Audit focus of enterprise merger and acquisition

Audit focus of enterprise merger and acquisition

Business combination is a transaction or event that combines two or more independent enterprises to form a reporting entity. So what are the key points of financial and tax treatment and audit of enterprise merger? Let's get to know it together!

First, the concept of enterprise mergers and acquisitions

Enterprise merger refers to the merger into one enterprise in accordance with relevant laws, including absorption merger and new merger; By purchasing or exchanging equity, it becomes a legal act that enterprise groups need to prepare consolidated accounting statements according to law, including absorption merger, new merger, holding merger and so on. From the perspective of company law, merger can be divided into three categories: the first category is absorption merger, A+B=A, and B loses its legal personality. The second category is the newly established merger, where A+B=C, A and B lose their legal personality and a new legal entity C is formed. The third category is equity merger, which is a kind of merger realized through equity. Example: Company A owns a wholly-owned subsidiary, A, and sells A to C. The original line between A and A is interrupted, and then a new line appears, and C owns 100% equity of A. This situation is to merge the new controlling rights and then produce a new reporting entity. The original consolidated financial statements were that A and A were the main bodies of consolidated financial statements, but now the main bodies of consolidated financial statements have changed, and C and A have become consolidated financial statements.

Second, the accounting treatment of business combination

Business combination is a transaction or event that combines two or more independent enterprises into a reporting entity. Business combination is divided into equity combination under the same control and purchase method under the same control, so two different methods are put forward in accounting treatment.

(1) The merger of enterprises under the same control adopts the equity combination method.

Equity combination method, that is, the assets and liabilities of the merged party are confirmed according to the original book value, but not adjusted according to the fair value, and no goodwill is formed. Equity items are adjusted according to the difference between the merger consideration and the share of net assets obtained in the merger. Under the combination of rights and interests method, business combination is regarded as a combination of rights and interests of enterprises rather than a purchase transaction. The parties involved in the merger shall merge according to the book value of their net assets. After the merger, the rights and interests of the merged entity will not increase or decrease due to the merger.

1. Confirmation of comprehensive cost. The assets and liabilities acquired by the merging party in the business combination shall be measured according to the book value of the merged party on the merger date. Adjust the capital reserve for the difference between the book value of the net assets acquired by the merging party and the book value of the merger consideration paid (or the total face value of the issued shares); If the capital reserve is insufficient to be offset, the retained earnings shall be adjusted.

2. Handling of merger expenses. All relevant expenses incurred by the merging party due to the merger, including audit fees, evaluation fees, legal service fees, etc. , should be included in the current profits and losses when it occurs; The handling fees and commissions paid by enterprises for issuing bonds or other debts in combination shall be included in the initial measurement amount of issuing bonds and other debts; Fees, commissions and other expenses incurred in issuing equity securities in a business combination shall offset the premium income of equity securities. If the premium income is insufficient to be offset, the retained income shall be offset.

3. Preparation of consolidated financial statements of the merging party.
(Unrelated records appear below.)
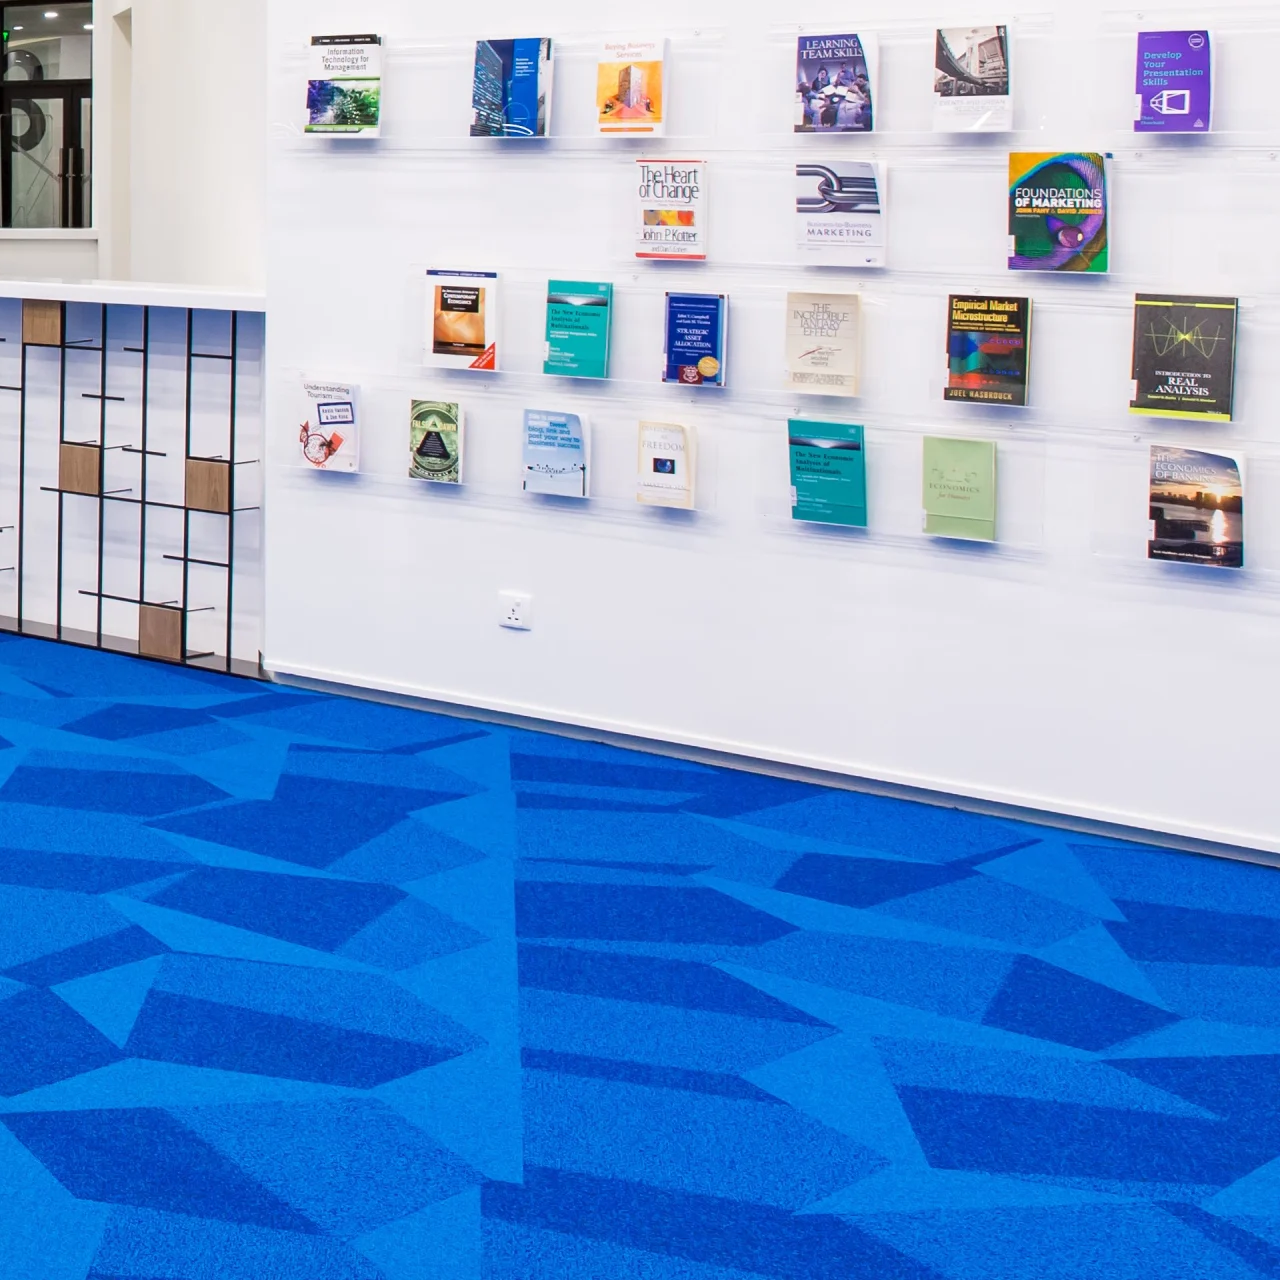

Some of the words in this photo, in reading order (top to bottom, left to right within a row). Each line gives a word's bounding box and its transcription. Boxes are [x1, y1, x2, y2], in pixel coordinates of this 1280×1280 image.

[806, 38, 858, 50] LEARNING
[327, 48, 364, 56] Information
[800, 49, 832, 60] TEAM
[833, 47, 863, 58] SKILLS
[1143, 51, 1182, 61] Develop
[322, 56, 358, 64] Technology
[1143, 61, 1166, 69] Your
[324, 64, 367, 72] Management
[1143, 68, 1204, 77] Presentation
[1142, 78, 1169, 86] Skills
[640, 165, 662, 184] The
[663, 165, 698, 185] Heart
[639, 180, 651, 199] of
[653, 180, 700, 204] Change
[1015, 187, 1102, 199] FOUNDATIONS
[1014, 197, 1030, 207] OF
[1031, 198, 1102, 208] MARKETING
[641, 228, 662, 241] John
[671, 228, 698, 242] Kotter
[806, 228, 872, 237] MARKETING
[811, 302, 831, 312] THE
[952, 298, 988, 311] Empirical
[989, 300, 1018, 311] Market
[793, 310, 849, 322] INCREDIBLE
[952, 309, 1008, 322] Microstructure
[550, 322, 589, 330] Multinationals
[676, 327, 710, 335] STRATEGIC
[803, 328, 838, 337] EFFECT
[673, 340, 711, 348] ALLOCATION
[1154, 370, 1201, 378] INTRODUCTION
[1167, 376, 1198, 387] REAL
[303, 383, 350, 394] Understanding
[1155, 385, 1209, 396] ANALYSIS
[306, 391, 333, 399] Tourism
[949, 389, 966, 397] JOEL
[969, 390, 1013, 400] HASBROUCK
[549, 421, 569, 429] tweet,
[527, 439, 556, 447] business
[557, 442, 581, 450] success
[642, 440, 686, 451] FREEDOM
[795, 459, 821, 467] Analysis
[823, 454, 855, 462] Economic
[795, 466, 842, 475] Multinationals
[1155, 461, 1217, 475] ECONOMICS
[1154, 470, 1171, 479] OF
[929, 482, 981, 493] ECONOMICS
If the parent-subsidiary relationship is formed in the merger, the parent company shall prepare the consolidated balance sheet, consolidated income statement and consolidated cash flow statement on the merger date. The assets and liabilities of the merged party in the consolidated balance sheet shall be measured according to their book values; The consolidated income statement shall include the income, expenses and profits of all parties involved in the merger from the beginning of the current period to the merger date, and the net profit realized by the merged party before the merger shall be reflected in a separate item; The consolidated cash flow statement shall include the cash flows of all parties involved in the merger from the beginning of the current merger to the merger date.
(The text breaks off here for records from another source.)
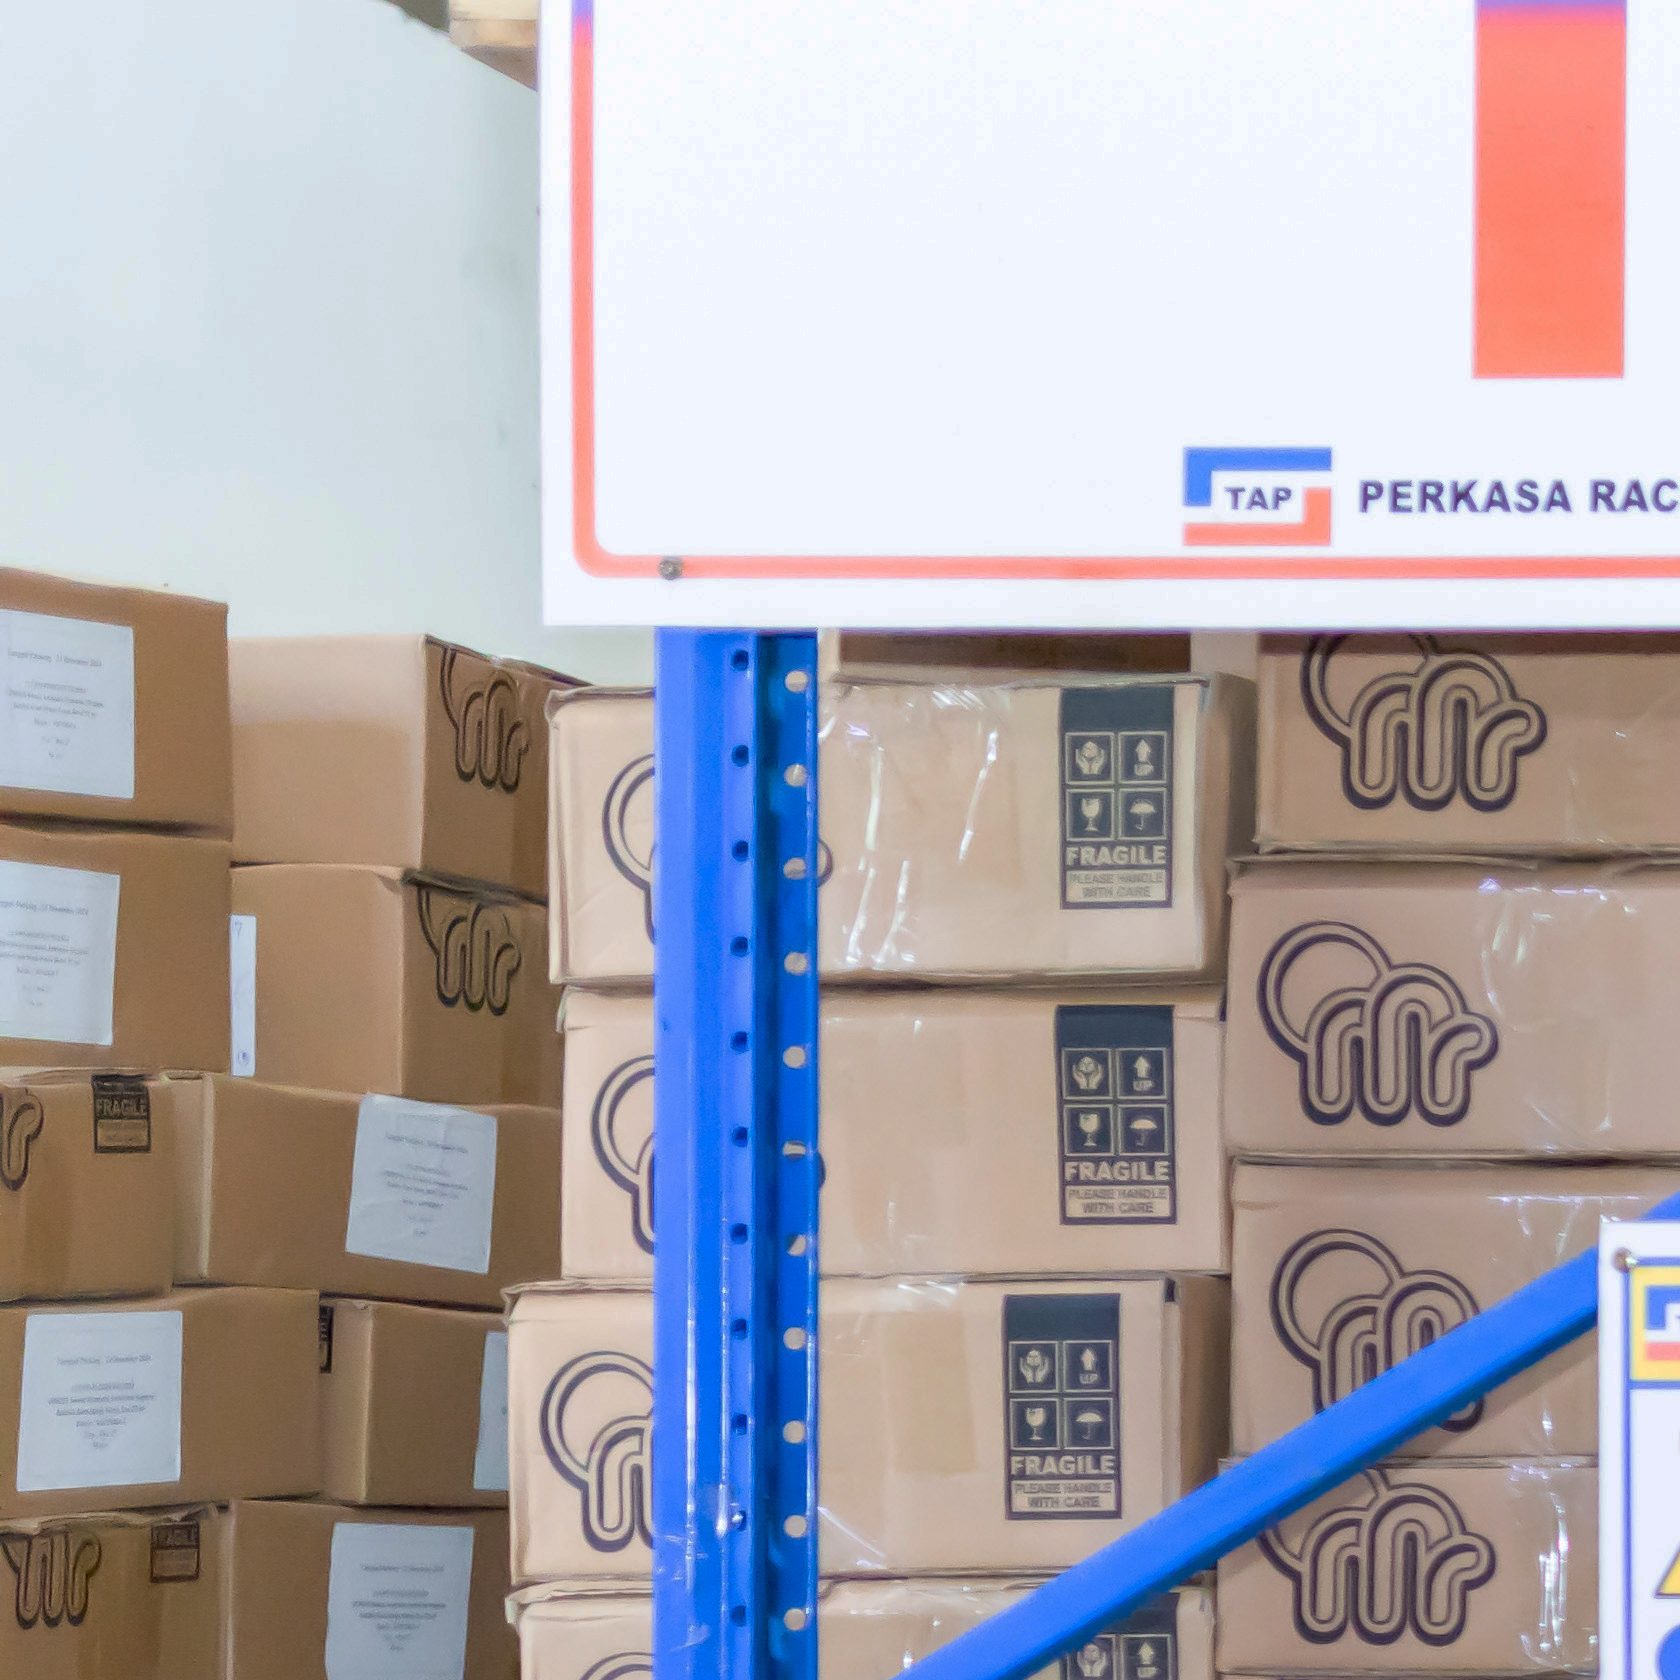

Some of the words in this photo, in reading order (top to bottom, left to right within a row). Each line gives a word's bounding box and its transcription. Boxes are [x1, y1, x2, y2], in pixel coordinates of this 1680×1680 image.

[1225, 486, 1291, 510] TAP
[1358, 478, 1572, 513] PERKASA
[1066, 845, 1167, 866] FRAGILE
[1069, 871, 1114, 883] PLEASE
[1118, 871, 1164, 884] HANDLE
[1082, 885, 1113, 897] WITH
[1116, 885, 1151, 897] CARE
[1132, 1079, 1153, 1092] UP
[1064, 1160, 1169, 1181] FRAGILE
[1069, 1187, 1117, 1200] PLEASE
[1120, 1187, 1166, 1200] HANDLE
[1082, 1202, 1114, 1214] WITH
[1119, 1202, 1154, 1214] CARE
[1010, 1455, 1116, 1475] FRAGILE
[1014, 1481, 1061, 1494] PLEASE
[1064, 1481, 1112, 1494] HANDLE
[1027, 1496, 1061, 1508] WITH
[1065, 1496, 1100, 1508] CARE
(2) Purchase method is adopted for business combination not under the same control.

When an enterprise purchases the transactions of other enterprises, it shall conduct accounting according to the purchase method, and confirm the assets and liabilities obtained according to the fair value. The purchase method regards merger as a purchase behavior and pays attention to the actual value of assets and liabilities on the completion date of merger.

1. Determination of merger cost. The merger cost shall be measured according to the fair value of assets paid by the buyer, liabilities incurred or assumed and equity securities issued. The details are as follows: (1) For business combination realized through exchange transactions, the combination cost is the fair value of assets paid, liabilities incurred or assumed and equity securities issued by the buyer on the purchase date. (2) For a business combination realized step by step through multiple transactions, the combination cost is the sum of the fair value of the equity of the acquiree held by the purchaser on the purchase date (or trading day) and the fair value of other considerations paid on the purchase date. In the merger contract or agreement, if the future events that may affect the merger cost are agreed, and it is expected that the future events are likely to occur on the purchase date and the impact on the merger cost can be reliably measured, the buyer shall include them in the merger cost.

2. Handling of consolidated differences. There are three ways to deal with the consolidated variance. (1) The difference between the fair value and book value of the original investment held by the buyer on the purchase date, as well as the difference between the fair value and book value of assets abandoned, liabilities incurred or assumed and equity securities issued due to business combination are included in the current profit and loss; ② On the purchase date, the buyer recognizes the difference between the merger cost and the fair value share of the identifiable net assets of the acquiree obtained in the merger as goodwill; (3) On the purchase date, if the merger cost is less than the fair value share of the identifiable net assets of the acquiree obtained in the merger, the purchaser shall first review the fair value of the identifiable assets, liabilities and contingent liabilities of the acquiree and the measurement of the merger cost. After review, if the merger cost is still less than the fair value share of the identifiable net assets of the acquiree, the difference shall be included in the current profit and loss.

3. Handling of merger expenses. The direct expenses incurred by the purchaser due to business combination shall be included in the business combination cost. The issuance expenses of issuing equity securities shall offset the premium income of issuing equity securities, and if there is no premium or the premium is insufficient, the retained income shall be offset.

4. Preparation of consolidated financial statements of the buyer. If the parent-subsidiary relationship is formed in the business combination, the parent company shall prepare the consolidated balance sheet on the purchase date, including the identifiable assets, liabilities and contingent liabilities of the acquiree obtained as a result of the business combination, and present them at fair value. The difference between the merger cost of the parent company and the fair value share of the identifiable net assets of the subsidiary company can be recognized as goodwill or listed as current profits and losses.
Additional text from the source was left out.